Risk management is the way forward for farming
If agriculturalists can benefit from price and yield variations, they will be able to build long-term resilienceanalysis Updated: Sep 13, 2018 11:53 IST
Large numbers of low-income families the world over depend on agriculture as their primary source of income. Agriculture is, however, a challenging sector and several issues prevent farmers, in particular small holders, from realising greater incomes. These include low yields, weak market linkages, high price volatility, limited risk management, and poor price realisation. Given the very large numbers of people involved, addressing these concerns of farmers is an important goal of public policy. For farmers’ incomes, the keys to transformative growth are, among other things, the two areas of price and yield risk management.
Price risk management: Like other commodities, market prices of agricultural products are highly volatile. Spot, futures, forwards, and options are essential tools which accurately transmit market signals to farmers and simultaneously allow them to choose the risk management approach that is best suited for them without relying on ex-post subsidies, should markets turn adverse. A number of countries have focused on making these tools easily available to farmers.
In Australia, for example, both farmers and buyers are able to purchase the necessary forward contracts and put and call options on agricultural products directly from their banks. Here cotton growers are the most prominent users of these tools to manage price risk and around 20% of wheat growers use market price risk management techniques such as futures contracts, options, and over the counter products like swaps. Easy access to these products and services has transformed the incomes and risk exposure of these farmers allowing them to respond to market signals by purchasing the level of protection that they need at market prices and altering their cropping patterns where necessary.
In Brazil, in response to a fall in bank finance for agriculture, the Bank of Brazil introduced an instrument called Сedula de Produto Rural (CPR), a tradeable product note, which represents a promise to supply a fixed quantity of agricultural produce in the future (tradable CPR, introduced in 1994) or its future financial value (financial CPR, introduced in 2001). Farmers are able to sell CPRs to raise financing. These instruments allow them to both raise financing at a competitive price, as well as transfer the commodity price risk to the buyer. CPRs in Brazil are deemed to be to be securities and are actively traded on the commodity exchange. Commercial banks are permitted to participate in these contracts as well. The quantum of finance being raised by farmers in Brazil through this route is to the extent of 40% of total financing whereas traditional bank financing amounts only to 30%.
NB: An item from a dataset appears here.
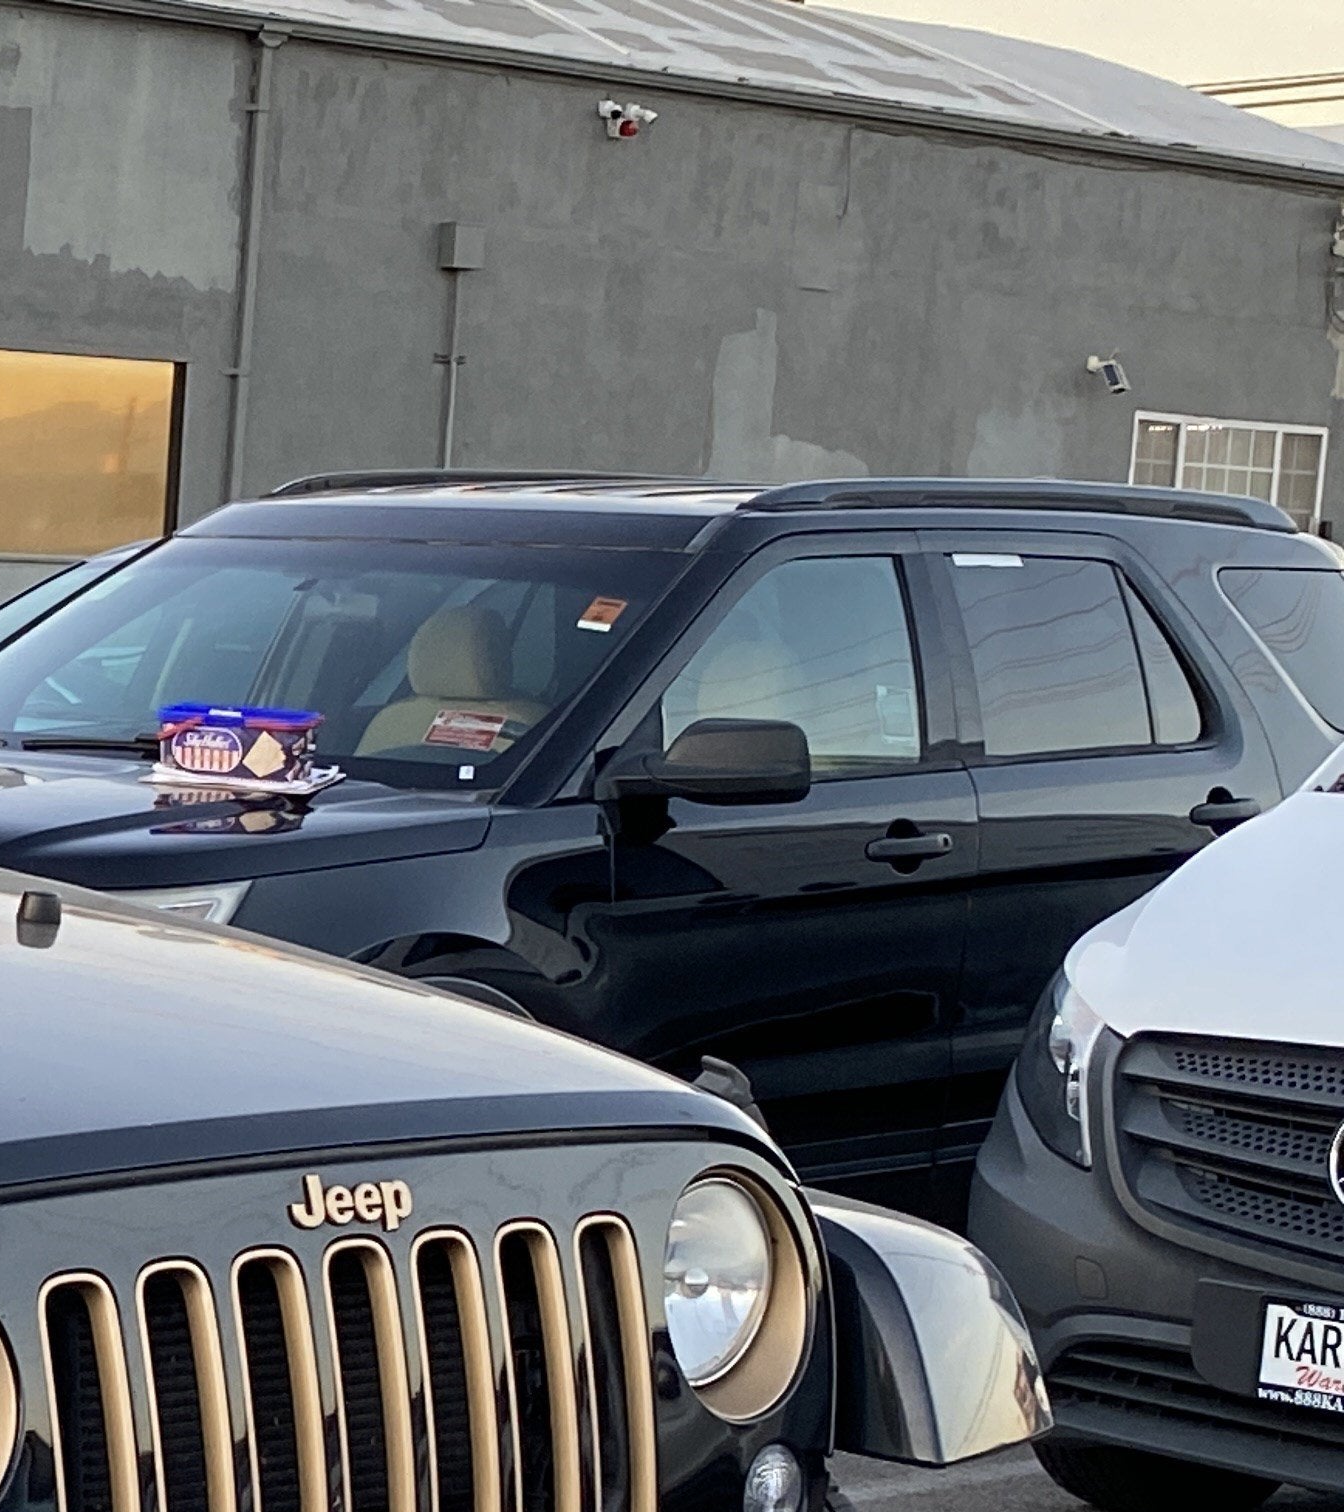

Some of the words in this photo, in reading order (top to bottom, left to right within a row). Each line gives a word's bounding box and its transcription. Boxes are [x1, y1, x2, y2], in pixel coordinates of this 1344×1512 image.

[287, 1173, 413, 1232] Jeep
[1274, 1316, 1341, 1369] KAR
[1296, 1366, 1344, 1392] War
Yield risk management: While effective management of price risk is essential, it is also equally important for the farmer to be able to effectively manage the risks to the yield that she is able to get from her farm. Crop insurance incentivises farm investment and increases farmers’ ability to absorb shocks. However, to be effective at scale, technological tools like remote sensing and machine learning for better standardisation and quality assurance of underlying crop data are needed to streamline decision making processes between insurance providers and farmers.
In the United States, where 90% of farmland is covered by insurance, companies have started to use drone technology to gather data on insurance claims following adverse weather events that affect production. Drone footage can be assessed using machine learning and computer vision software to increase the speed, reliability and targeting of claims processing and make payouts faster. In Europe, new agricultural technology companies are offering solutions in areas such as data intelligence and processing, farm mechanisation, and robotics. By combining satellite data with artificial intelligence, weather information, and drone-based soil mapping, technology can, for example, be used to optimise planting periods, forecast crop yields, detect pests and diseases, and even help pinpoint for the government where new irrigation projects need to be located for maximum impact. For example, a recent agreement between PartnerRe, a US based, diversified reinsurer, and Farmers Edge, an American decision-agriculture company, will allow farmers to access customised insurance products with integrated precision-farming capabilities. Insurers will also benefit from a more efficient loss adjustment process.
If farmers, the world over, including in emerging economies such as India, are able to benefit from such approaches towards price and yield risk management, they will be able to build a great deal of resilience in their approaches towards agriculture while responding accurately to the signals from the wider agricultural market.
Marcella McClatchey, Anjani Bansal & Nachiket Mor are employees of the Bill & Melinda Gates Foundation.